ADOC said in the Monday statement that Davis’s death is being investigated. 

ACLU of Alabama in a tweet Monday stated that Davis’s family has set up a Gofundme page to help pay for his funeral expenses. 

A person who says she is Davis’s mother on that Gofundme page wrote that she visited Davis at the hospital after the incident and that when she arrived he was on life support and “had been beat in the head repeatedly that you can not even recognize him I held his hands until he died from head injuries.”  

Attempts Monday evening to contact that person were unsuccessful. 

Davis’s death comes as Alabama’s prison system is under threat of federal takeover.

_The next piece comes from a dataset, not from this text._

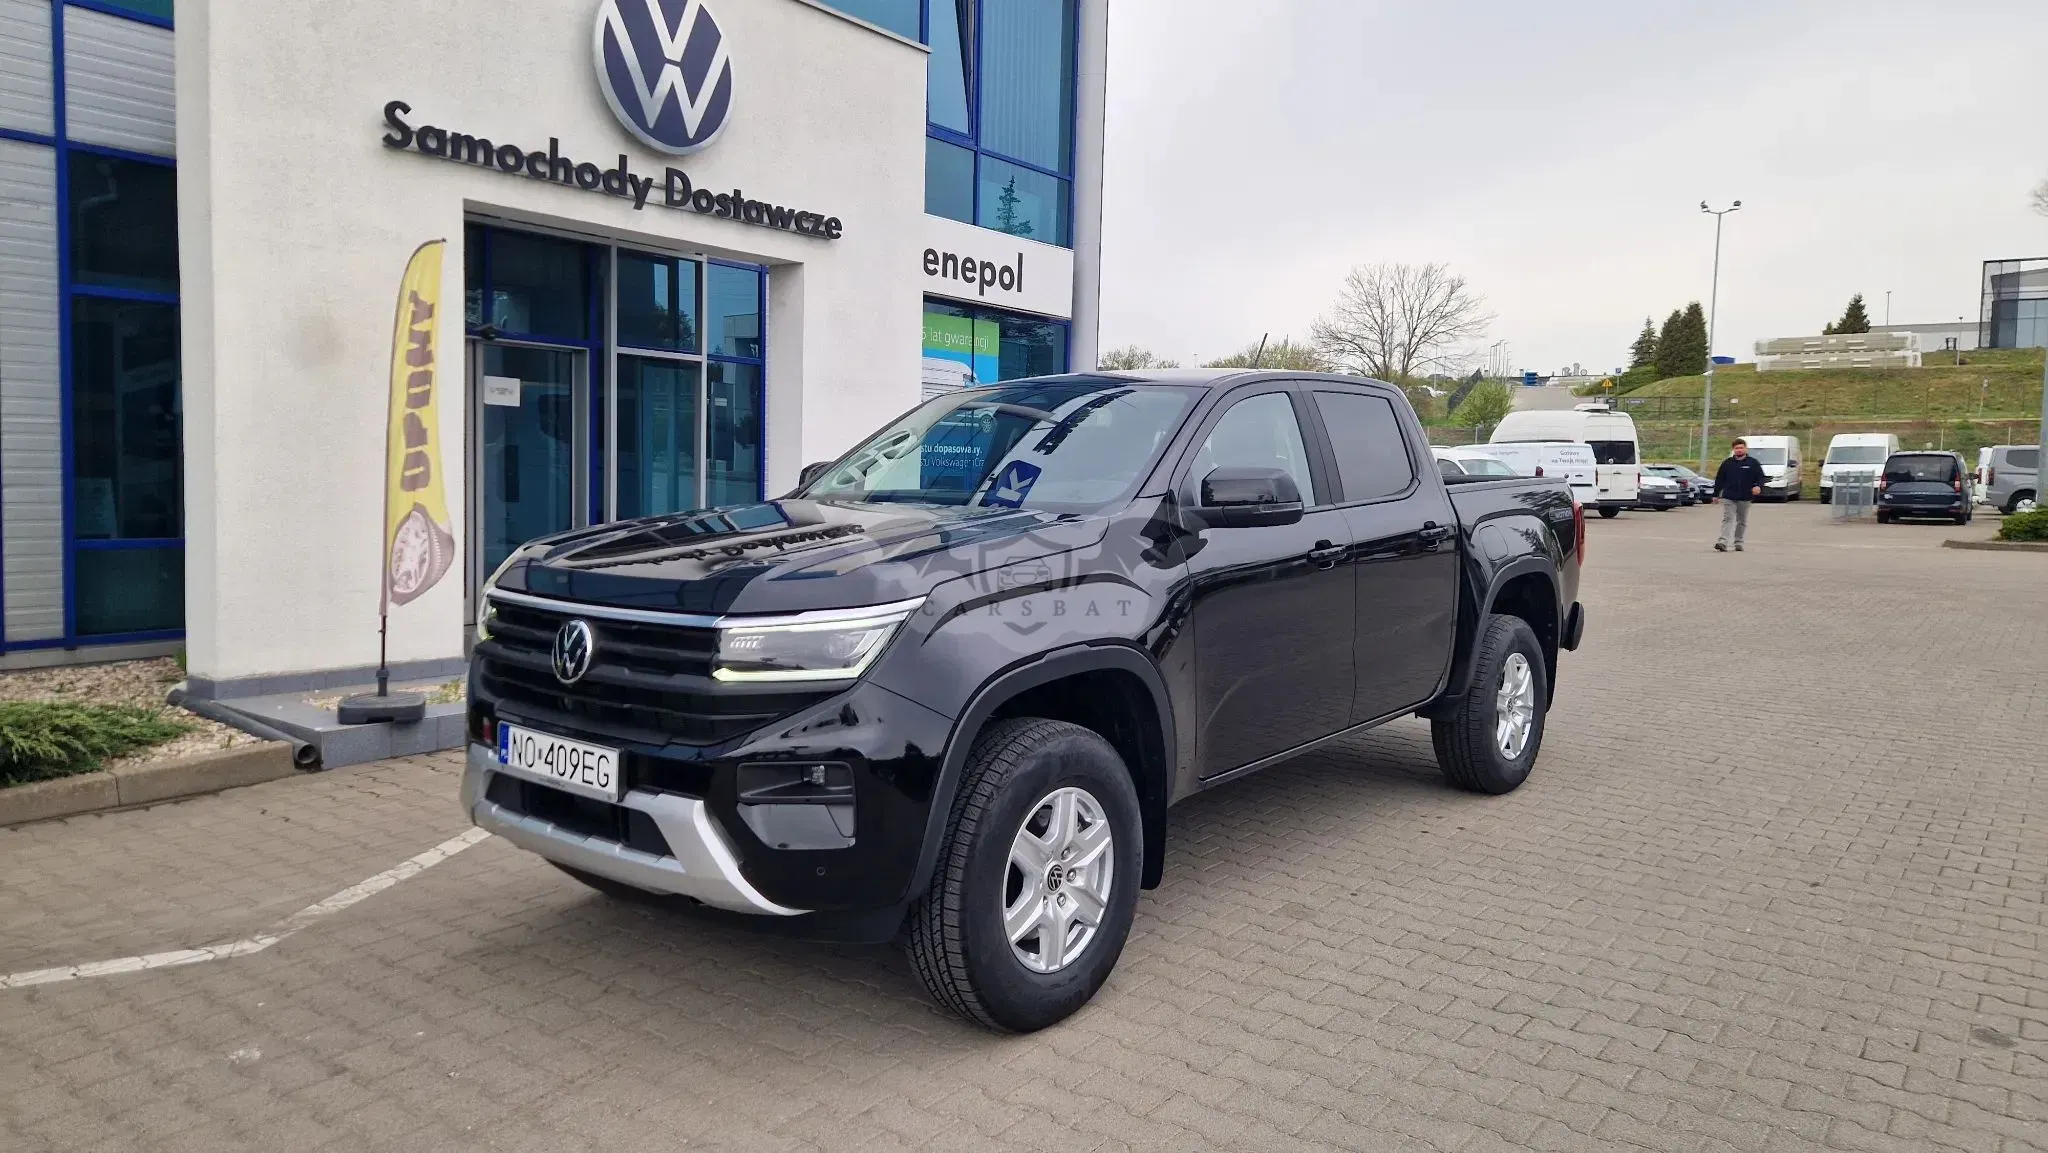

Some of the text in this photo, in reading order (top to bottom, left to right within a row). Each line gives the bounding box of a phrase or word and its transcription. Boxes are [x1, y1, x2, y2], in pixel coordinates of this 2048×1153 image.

The U.S. Department of Justice in April wrote a letter to the state informing leaders that Alabama may be in vilation of prisoners’ Constitutional rights to protection from physical violence and sexual assault while incarcerated by housing them in understaffed, unsafe facilities. 

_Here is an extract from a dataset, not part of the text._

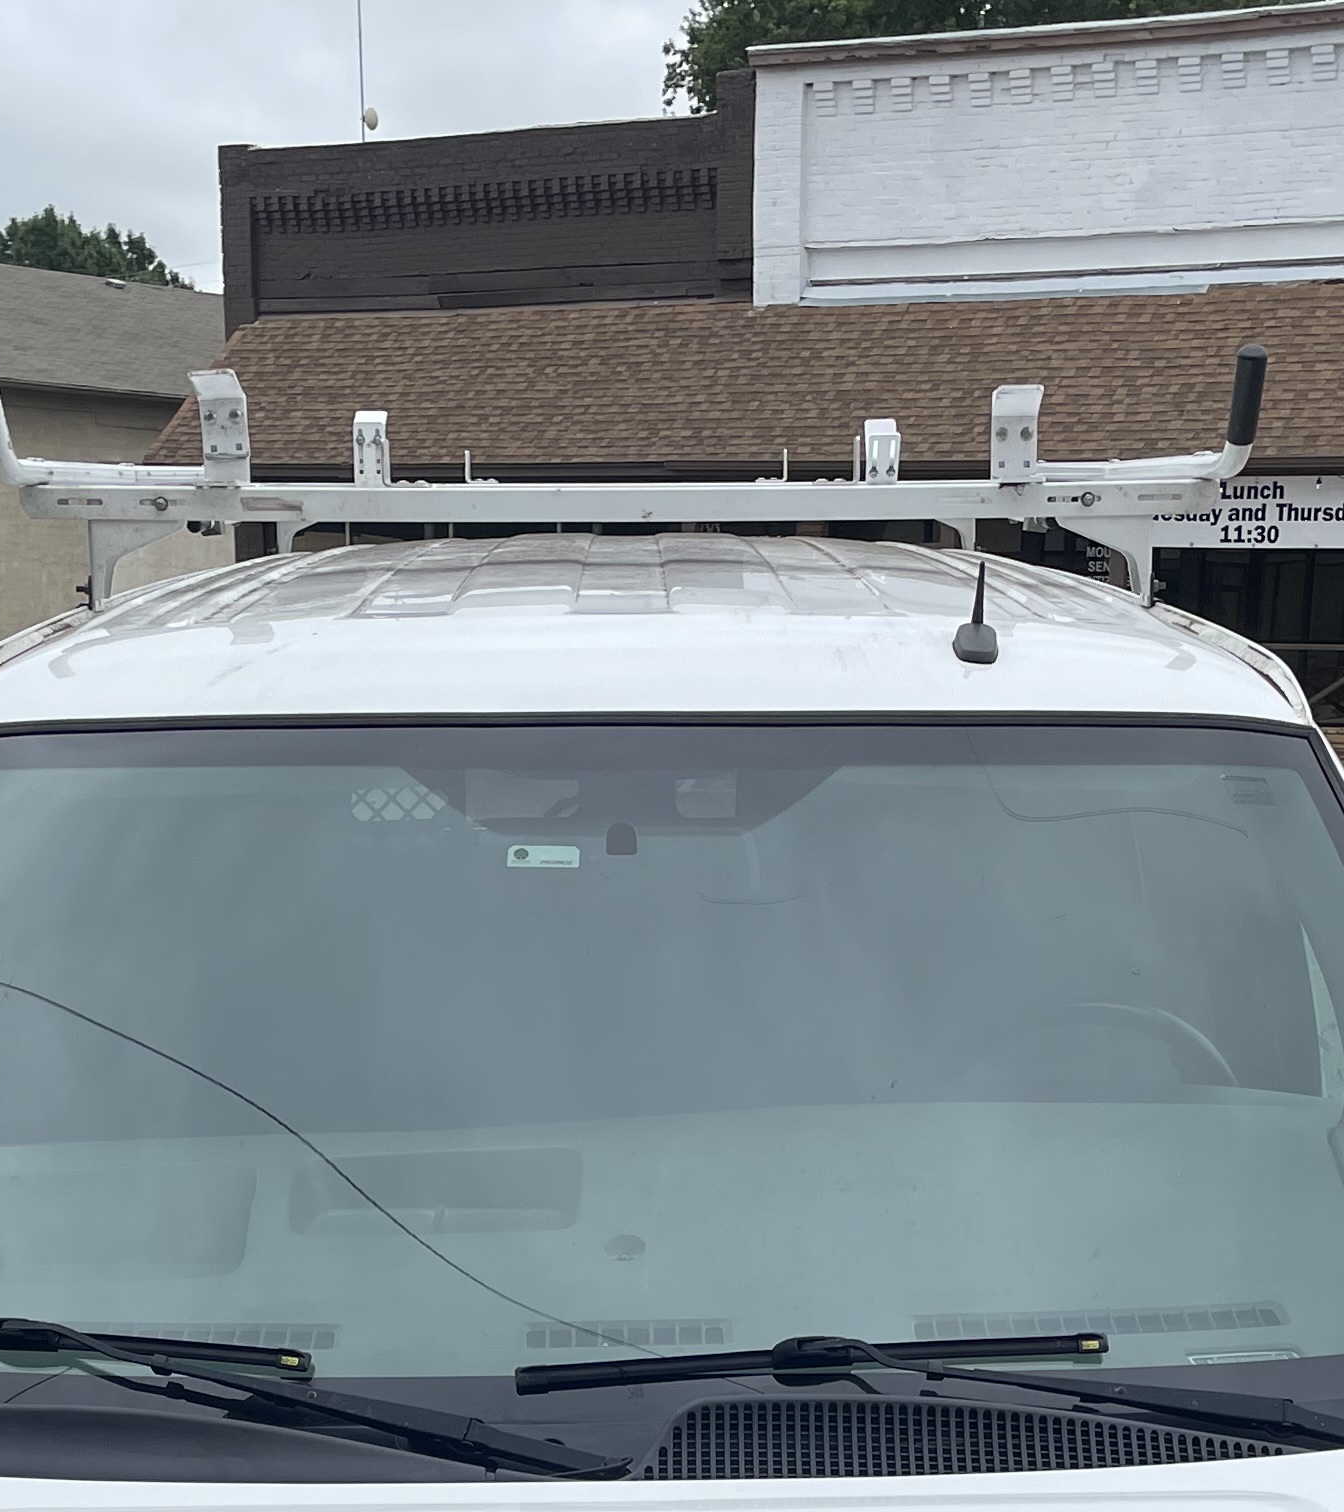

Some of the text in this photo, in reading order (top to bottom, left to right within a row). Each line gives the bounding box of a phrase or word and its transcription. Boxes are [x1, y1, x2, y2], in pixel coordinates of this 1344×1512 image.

[1220, 480, 1285, 500] Lunch
[1227, 503, 1267, 522] and
[1219, 525, 1280, 543] 11:30

The U.S. Department of Justice’s April report on Alabama prisons notes systemic problems of rampant violence between inmates and to staff, sexual assaults, improvised weapons, unsafe and unsanitary living conditions and a serious understaffing problem. 

“Our investigation revealed that an excessive amount of violence, sexual abuse, and prisoner deaths occur within Alabama’s prisons on a regular basis,” the report states. 

According to the Justice Department’s report the Donaldson Correctional Facility employed just 35 percent of the recommended level of correctional officers.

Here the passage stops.